The graphite material board isolation device according to claim 1, wherein the spacer is columnar or spherical, and the burner plate is connected to the graphite material board through a plurality of the spacers.
The graphite sheet isolation device according to claim 3, wherein a plurality of card slots are provided on the upper side of the graphite sheet, and the shape of the card slots matches the shape of the separator, and The number of card slots is equal to the number of the spacers.
The graphite material board isolation device according to claim 4, wherein the lower end of the spacer is snapped into the card slot.
The graphite material board isolation device according to claim 5, wherein the spacer is disposed in the card slot.
The graphite material board isolation device according to claim 4, characterized in that the distance between two adjacent said grooves on the lower side of the same setter plate is equal or different.
The graphite sheet isolation device according to claim 1, wherein the graphite sheet is multi-layer, and the multiple layers of the graphite sheet are parallel and evenly distributed inside the sealed box, and the graphite sheet is It is slidingly connected to the sealed box through a chute, or the graphite sheet is directly arranged in the sealed box, and a plurality of layers of the graphite sheet are sequentially stacked from bottom to top, between two adjacent graphite sheets.
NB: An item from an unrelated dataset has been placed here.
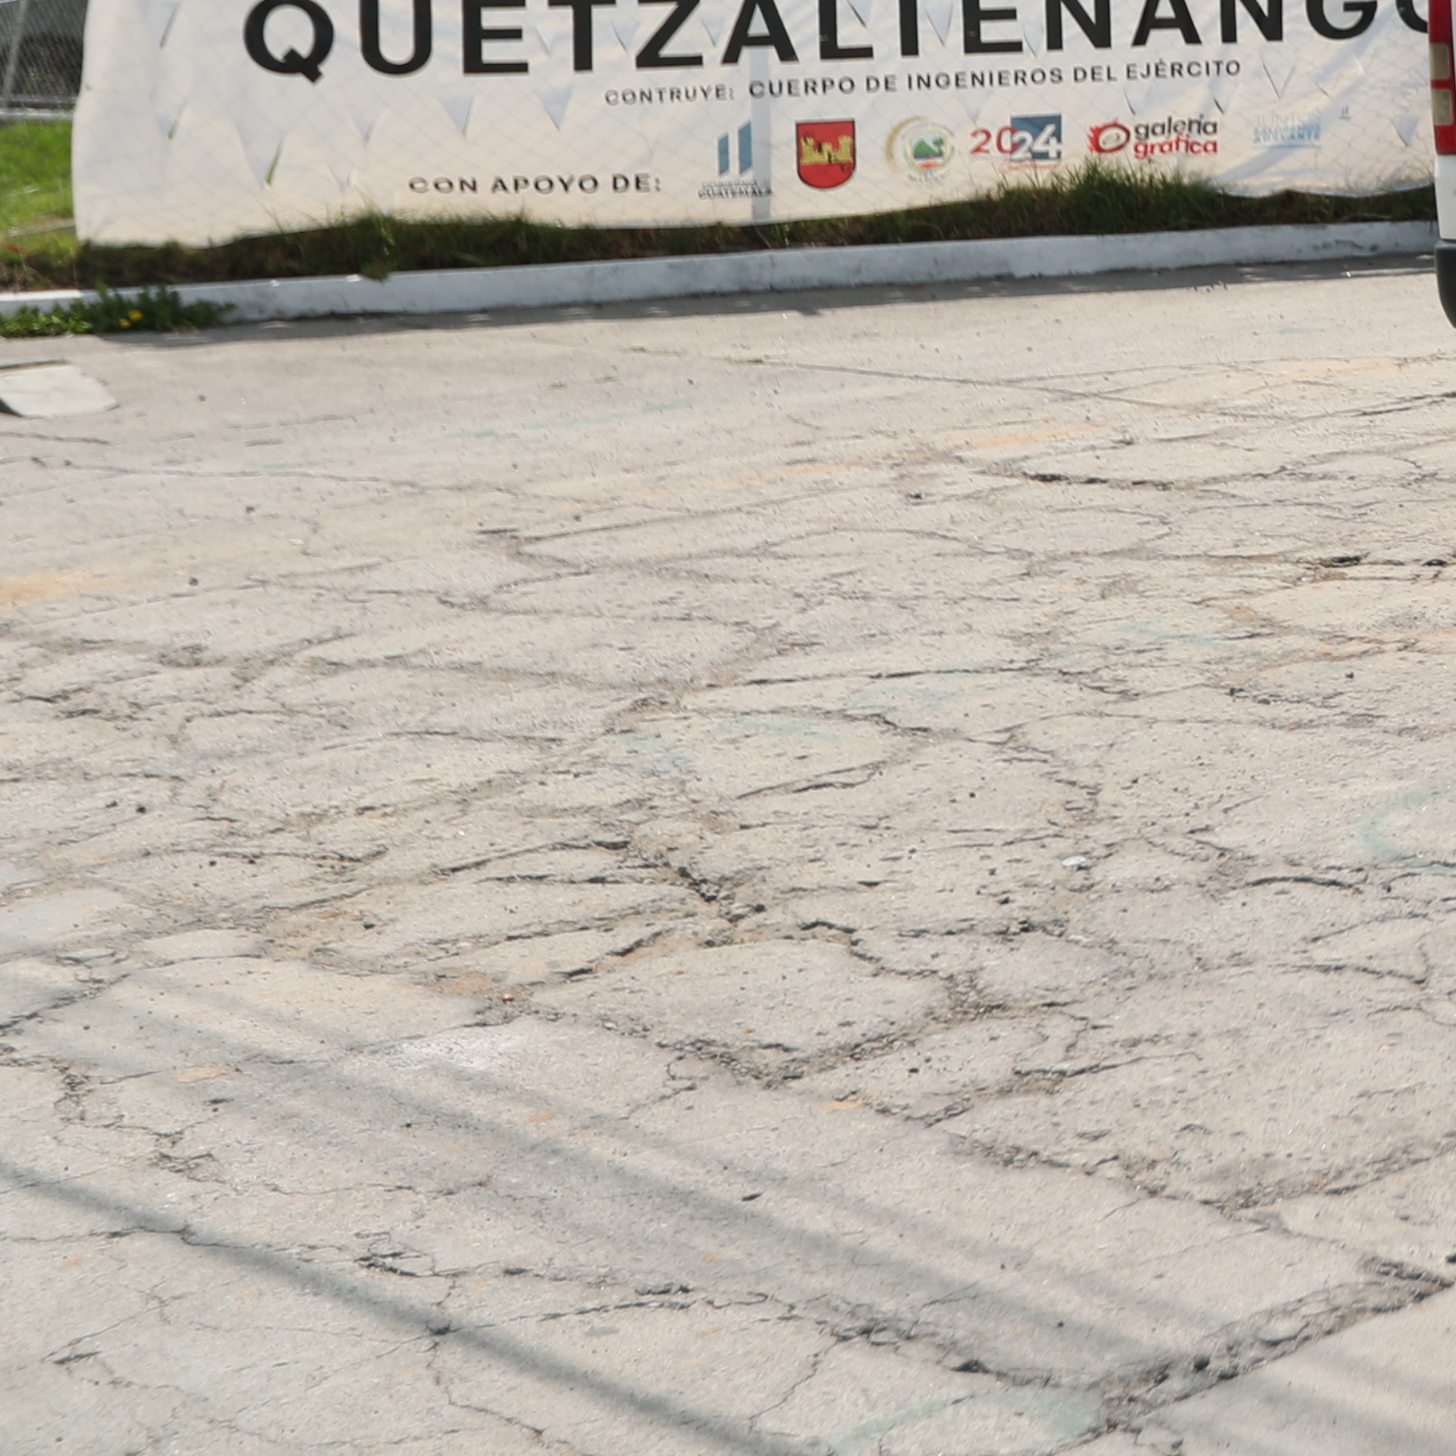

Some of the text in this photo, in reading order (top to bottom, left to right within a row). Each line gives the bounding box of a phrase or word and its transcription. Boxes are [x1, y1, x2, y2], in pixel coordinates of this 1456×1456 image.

Separated by supports.
The graphite sheet isolation device according to claim 1, wherein the material of the isolation column is any one of zirconia, magnesium oxide, yttrium oxide, aluminum nitride, silicon oxide, silicon carbide, and boron nitride. Species, or any one of molybdenum, molybdenum lanthanum, magnesium, titanium zirconium molybdenum alloy, tungsten, and tantalum, or any one of mullite and alumina-magnesium spinel.
The graphite material board isolation device according to claim 1, wherein the setter plate is an alumina ceramic plate.